Top 8 Things That Piss Me off, but I do all the Time

The following list includes a series of things that drive me up a wall. Whether they’re things that are inconsiderate, rude, or just a personal pet peeve of mine. That being said it’s a long fall off of your high-horse and I am guilty of committing almost all of these atrocities, cause lets face I am an immature man baby. So let’s get to it. 

8. Speeding. 

There is nothing more frustrating than a 16 year old with license so fresh the laminate is warm zooming around you going 60 mph in a school zone. Normally said teenager is equipped with something like a slammed 1998 Honda Accord. However if we are being honest here I normally cruise at least 5-10 miles over the speed limit wherever I go (cool guy alert). Maybe it’s cause I think Im Pual Walker, or maybe it’s because I have never been pulled over and I am just testing the police.  

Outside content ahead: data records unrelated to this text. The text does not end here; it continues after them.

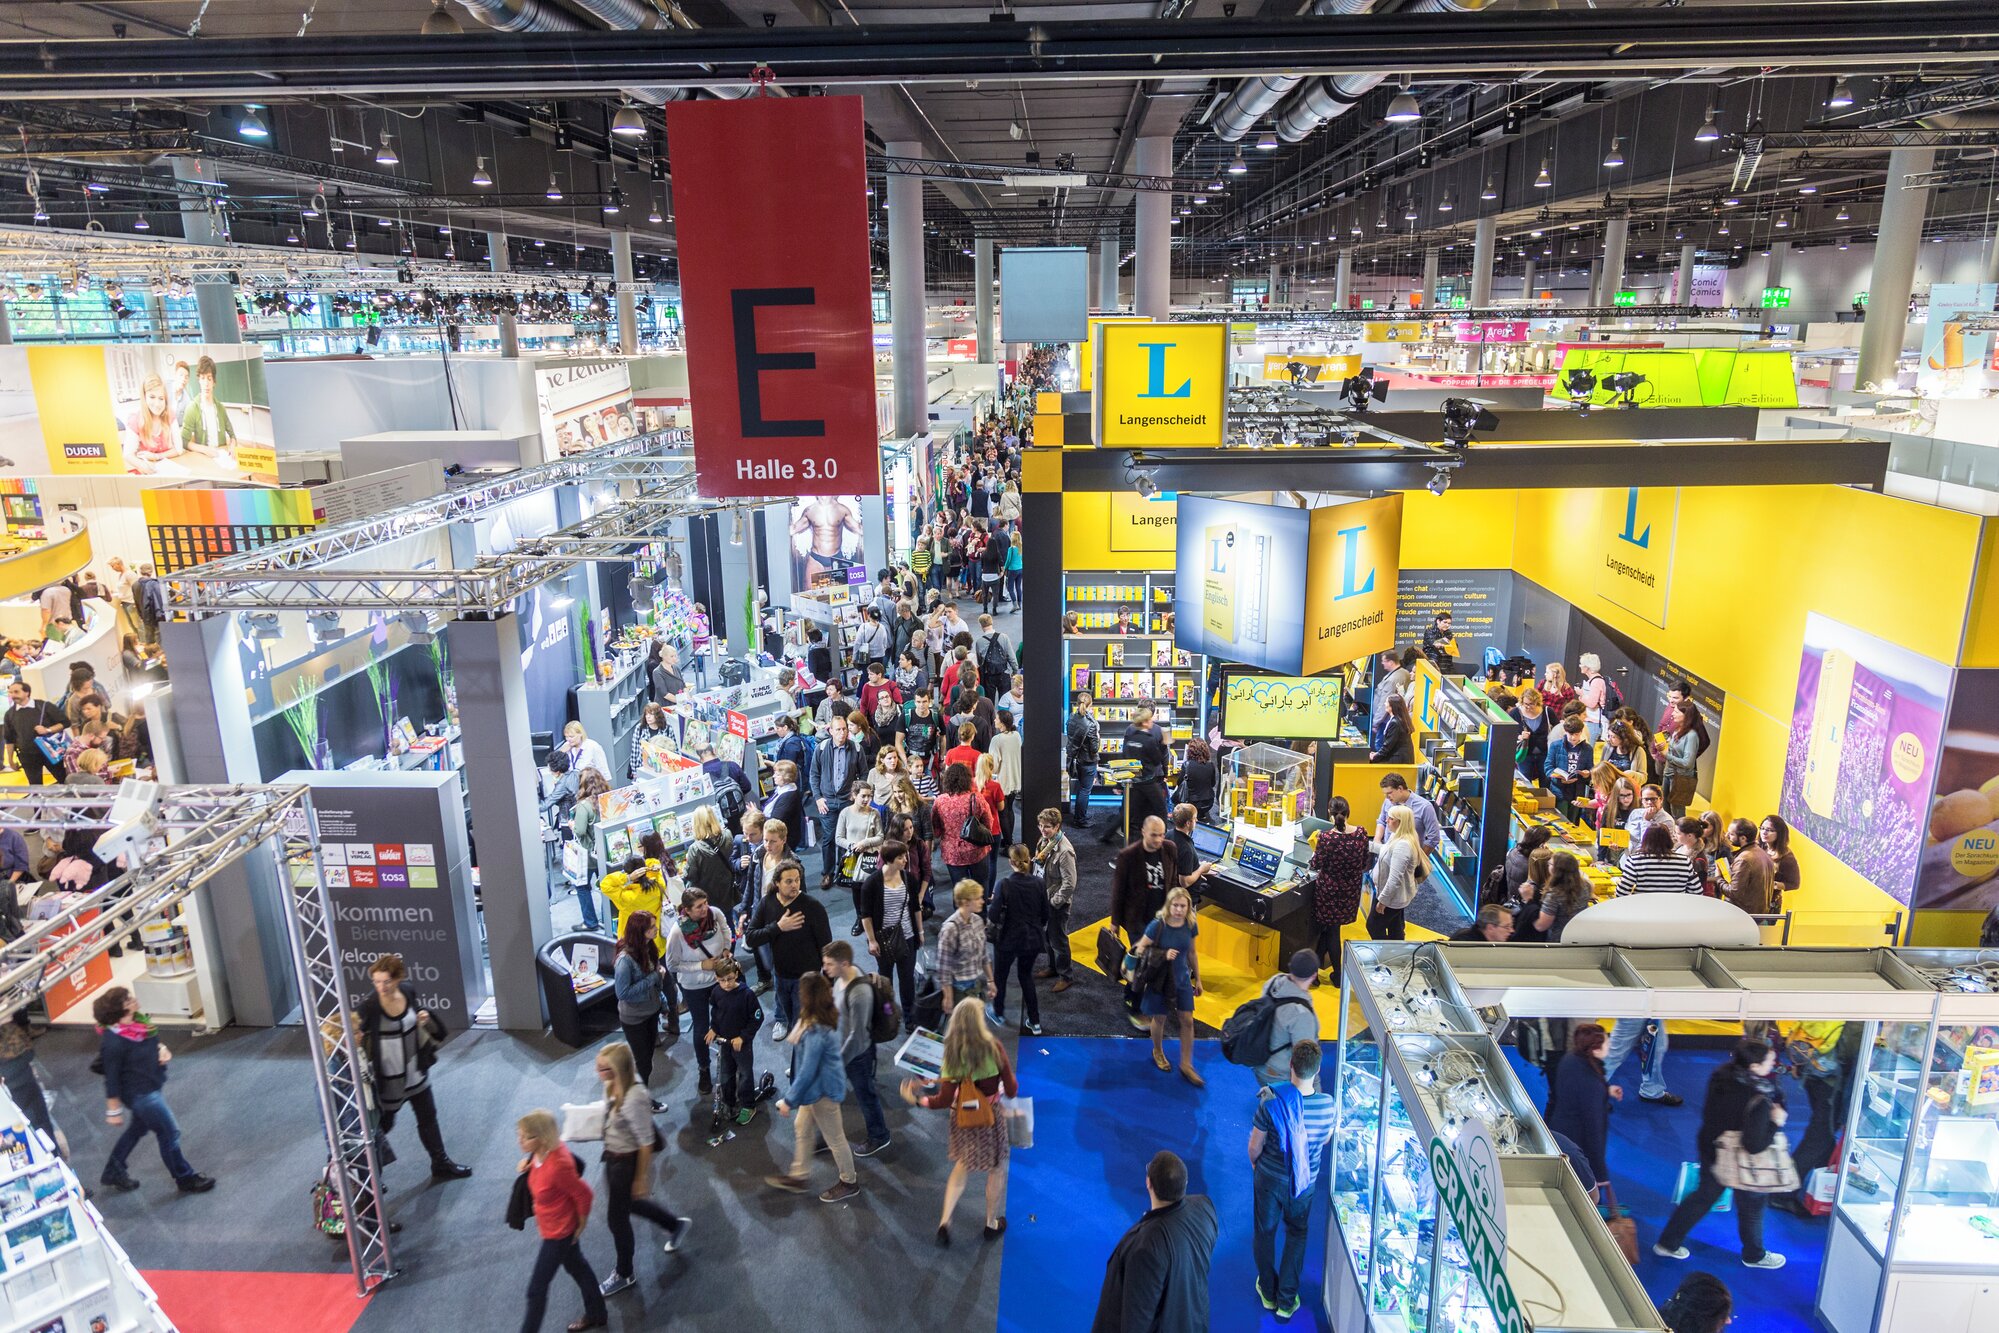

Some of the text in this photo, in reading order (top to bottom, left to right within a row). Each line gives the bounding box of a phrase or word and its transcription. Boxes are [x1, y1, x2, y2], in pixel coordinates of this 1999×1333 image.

[1691, 278, 1718, 287] Comic
[1690, 288, 1721, 296] Comics
[731, 287, 825, 438] E
[1319, 362, 1348, 375] Arena
[1137, 343, 1191, 398] L
[1119, 414, 1207, 428] Langenscheidt
[65, 446, 101, 456] DUDEN
[736, 458, 837, 480] Halle 3.0
[1334, 525, 1375, 601] L
[849, 571, 865, 580] tosa
[1606, 553, 1655, 588] Langenscheidt
[1318, 609, 1384, 641] Langenscheidt
[751, 689, 772, 699] VERLAG
[1899, 740, 1919, 758] NEU
[1963, 838, 1996, 850] NEU
[381, 872, 406, 882] tosa
[351, 924, 447, 942] Bienvenue
[340, 948, 403, 963] elcome

7. Playing Music Extremely Loud in your Car 

Number  8 is the perfect segway from number 9 because it’s normally the same kid in the Accord from before, is  pulling this same asshole move. When I am sitting at a stop light and I can hear every word of the track you are bumping I immediately lose all respect for you. I know it may feel cool to play your music aloud to show off your exquisite taste in trap music, but you look like an asshole. Then again not only do I normally play my music as loud as it goes im also always singing along with it. It is so frustrating cause I know I look stupid, but I just feel so cool doing it. 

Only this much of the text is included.